I was lonely. I was bone-tired. I was starting to get bitter about it.

Then, the worst low, I hurt some people I love. I lashed out without even realizing that’s what I was doing. Later, when I saw how ugly it had been, I felt wretched about it.

“I do not understand my own actions,” is how Paul expressed the sentiment. “For I do not do what I want, but I do the very thing I hate” (Romans 7:15.) I can’t manage to order my life in a way that works. I can’t even manage to be kind when I’m trying to be.

Last year I was quite often sinking in exhaustion and isolation. When I thought I was making right turns, I turned up lost. Plenty of it stemmed from my own faults and failures.
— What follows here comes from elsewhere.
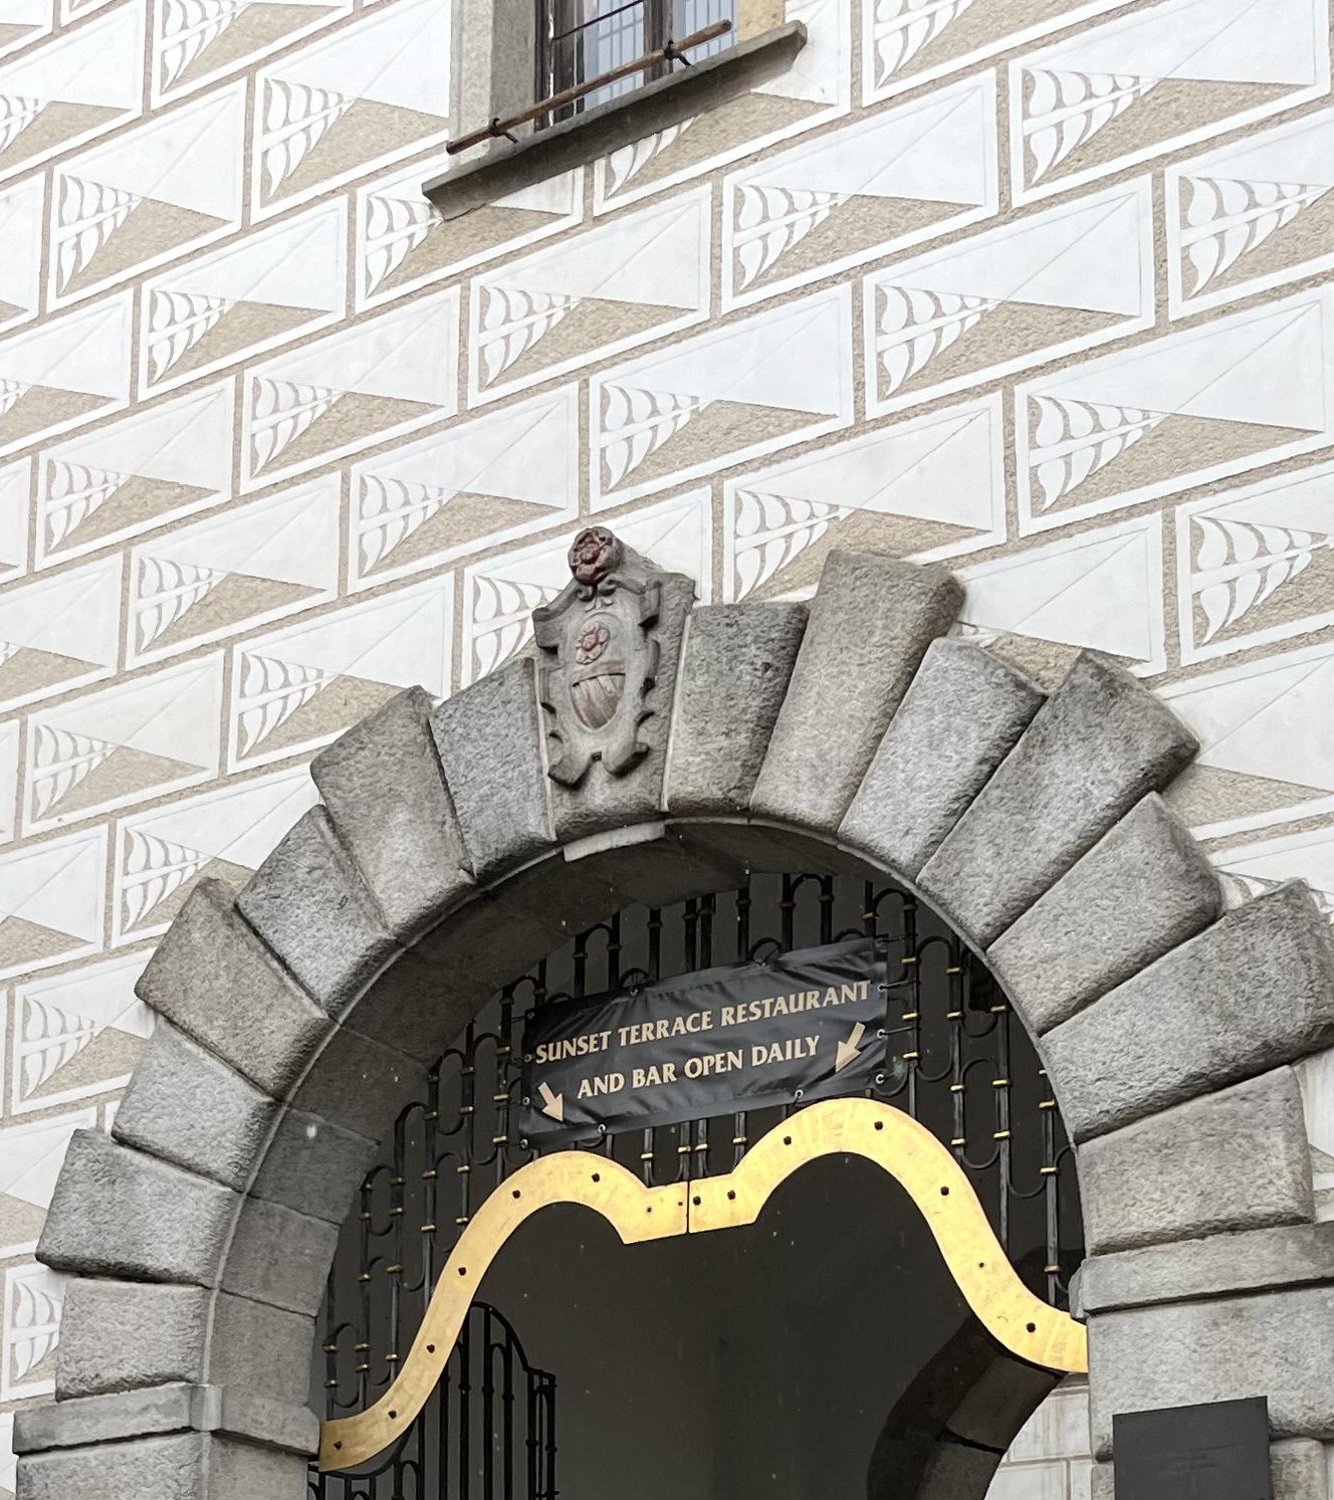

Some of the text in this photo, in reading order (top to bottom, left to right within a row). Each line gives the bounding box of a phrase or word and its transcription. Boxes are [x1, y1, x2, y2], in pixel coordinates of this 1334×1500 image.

Blaming the deployment would be ridiculous. Most of the time, the biggest weight on me is me.

But—but!—thankfully there is rescue and relief. The promise of Revelation is that through Christ, the ending I’ll get won’t be the one I deserve. No, that horrific ending was already endured, when God’s Son wore my sin to a cross and died under it. In exchange, he dressed me in the righteousness his life had earned, so I could fly.

This is why “keep” is the perfect way to respond to Revelation’s prophecy. In the original Greek, it’s built on the same root that forms the word “guard,” as in, one who stands watch over something precious.

If we had to depend on our own ability and choices, we would never face heavenward, much less get there. The gift of Christ’s righteousness is a marvel. The hope it opens is an astonishment, too precious to let out of sight.